Philip Hammonds budget misstep on Fixed-Odds Betting Terminals has already lost the government a minister – and now it looks certain to earn it the ignominious accolade of becoming the first administration since James Callaghans to lose a vote on its own finance bill.

Some 74 MPs have put their names to an amendment to the budget legislation – which gets its second reading today – demanding that the introduction of a £2 maximum stake for the addictive betting machines is brought forward to next April, rather than October.

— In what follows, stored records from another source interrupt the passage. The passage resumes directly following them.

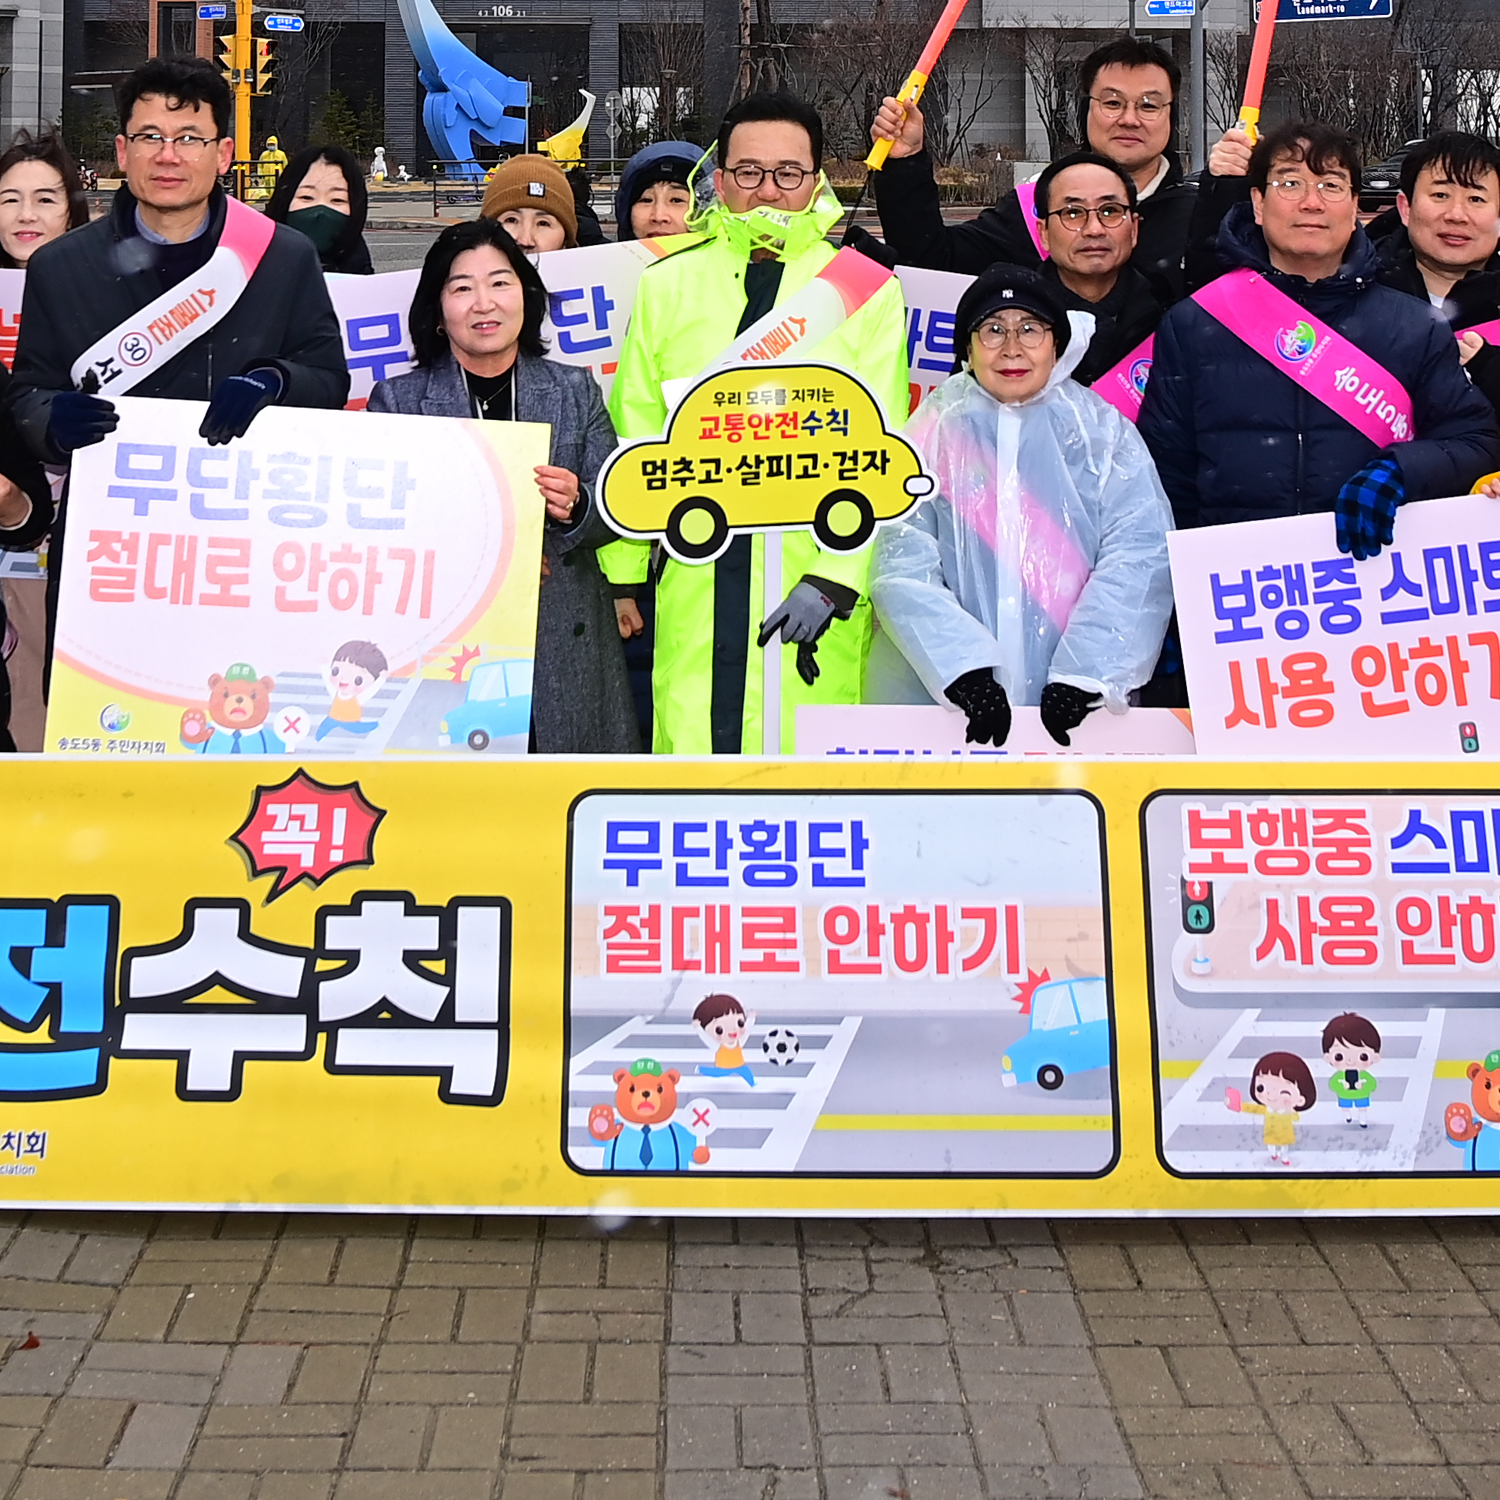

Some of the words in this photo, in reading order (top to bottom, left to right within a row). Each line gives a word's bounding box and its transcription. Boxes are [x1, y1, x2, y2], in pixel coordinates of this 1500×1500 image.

[492, 5, 513, 17] 106
[1297, 4, 1345, 15] Landmark-ro
[124, 337, 147, 362] 30
[147, 288, 217, 346] 스쿨존
[698, 408, 849, 443] 교통안전수칙
[713, 391, 741, 407] 우리
[746, 389, 787, 405] 모두를
[791, 387, 835, 403] 지키는
[1334, 366, 1408, 439] 송도5동
[107, 442, 416, 531] 무단횡단
[87, 531, 251, 608] 절대로
[271, 541, 435, 619] 안하기
[1209, 555, 1362, 646] 보행중
[1224, 650, 1336, 730] 사용
[57, 737, 102, 753] 송도5동
[106, 738, 167, 754] 주민자치회
[257, 799, 348, 871] 꼭!
[602, 819, 868, 891] 무단횡단
[1187, 806, 1370, 879] 보행중
[602, 902, 800, 978] 절대로
[822, 905, 1022, 978] 안하기
[1254, 895, 1376, 970] 사용

That, of course, guarantees defeat for the government. One would expect as much on a cause that unites Tom Watson and Ian Duncan Smith. The likelihood that this would happen was the most bewildering thing about the episode that ended with the resignation of sports minister Tracey Crouch – the government was always going to end up doing what she wanted anyway, but it instead chose the path that invited bad publicity after an otherwise well-received budget and advertised its terminal lack of strategic nous.

Arguably more significant than the defeat itself, however, is the identities of the MPs who will inflict it. 20 Conservative MPs have put their names to the amendment, including nine former ministers. They run the ideological gamut from hard Brexit (Boris Johnson, David Davis, Steve Baker) to continuity Remain (Nicky Morgan, Justine Greening). Just as notable is the presence of Jeffrey Donaldson, the DUP chief whip, and three other unionist MPs.

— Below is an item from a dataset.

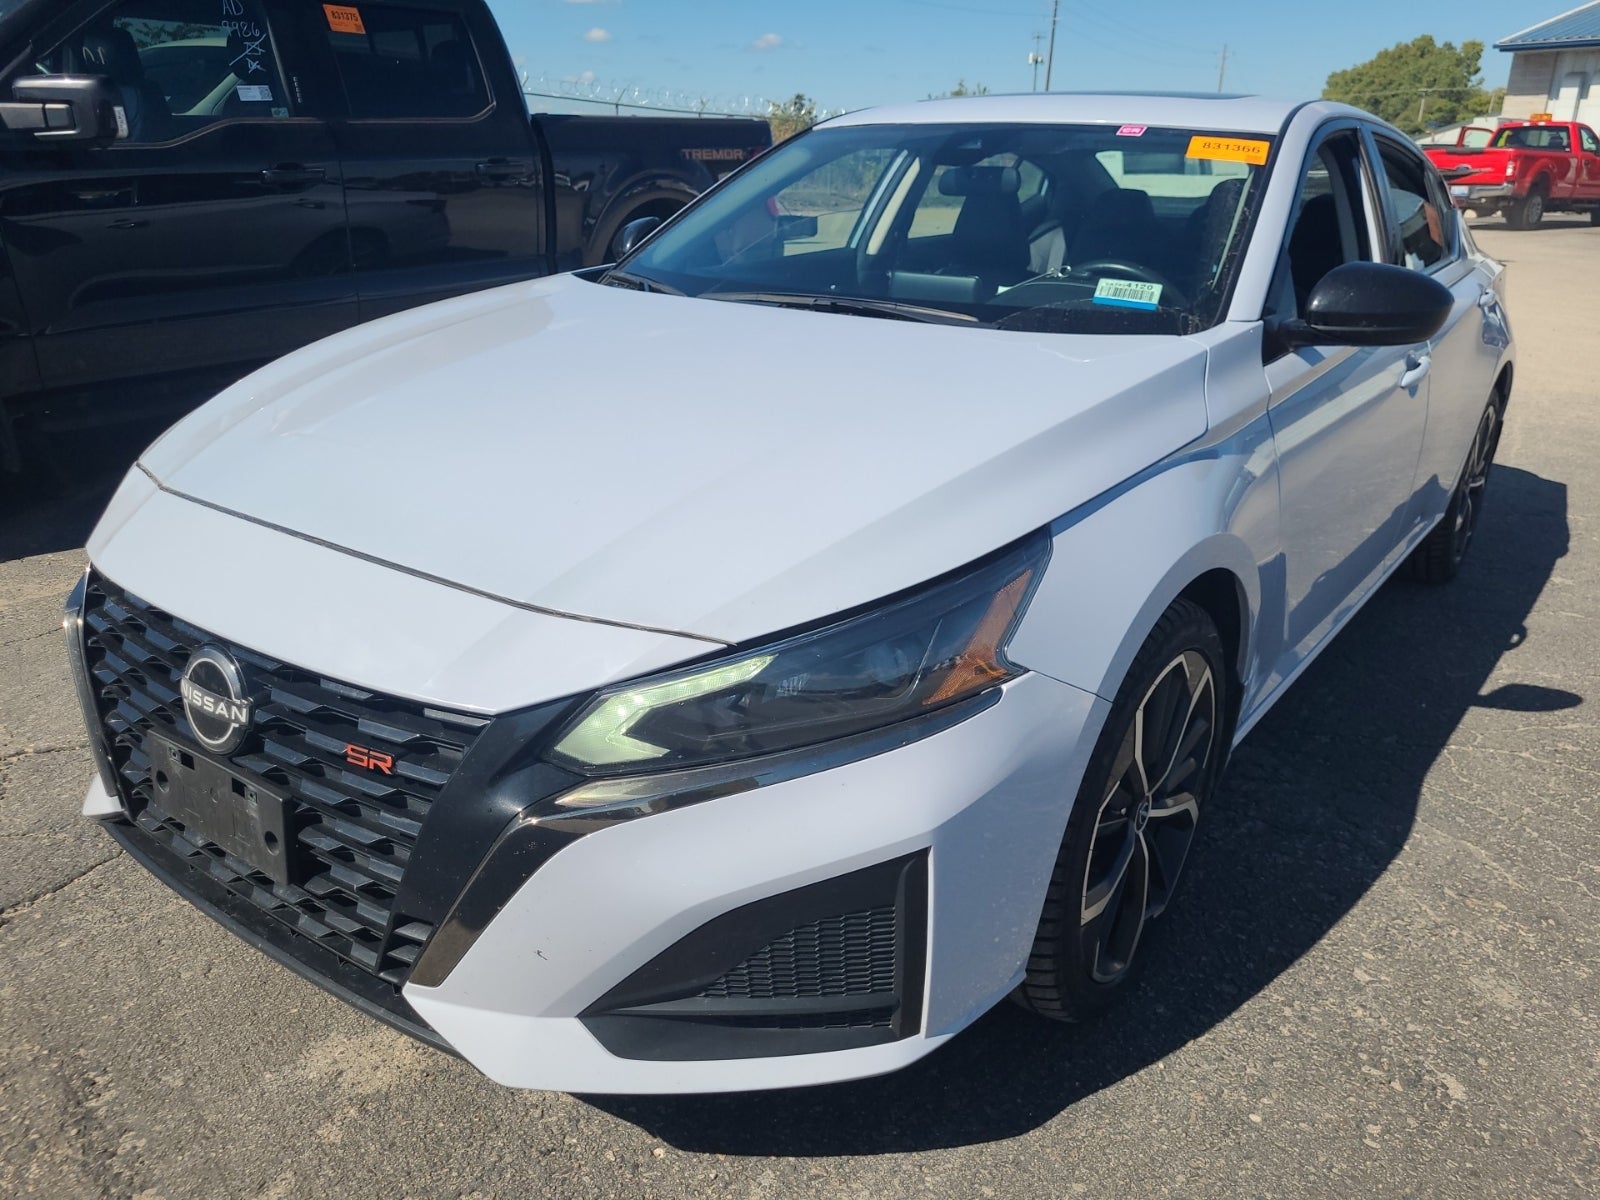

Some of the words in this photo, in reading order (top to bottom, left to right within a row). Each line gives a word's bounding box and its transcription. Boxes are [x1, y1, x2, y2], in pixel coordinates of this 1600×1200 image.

The FOBT debate predates the Brexit process and it wouldnt be accurate to describe the coming scrap over the finance bill as a proxy battle (though that is certainly how Johnson, Davis, Baker and Jacob Rees-Mogg will see it). But the alacrity with which MPs from all wings of the Conservative Party have joined the rebellion – and there will be more than those who have put their names to amendments – will remind Downing Street of its most inconvenient parliamentary truth. It does not command a reliable majority in the Commons and nor, increasingly, does it command the loyalty or goodwill of many of its own MPs. Ahead of an impossible vote on her Brexit deal, the message to Theresa May is clear: stick to your current course at your peril.

Patrick Maguire is the New Statesman's political correspondent.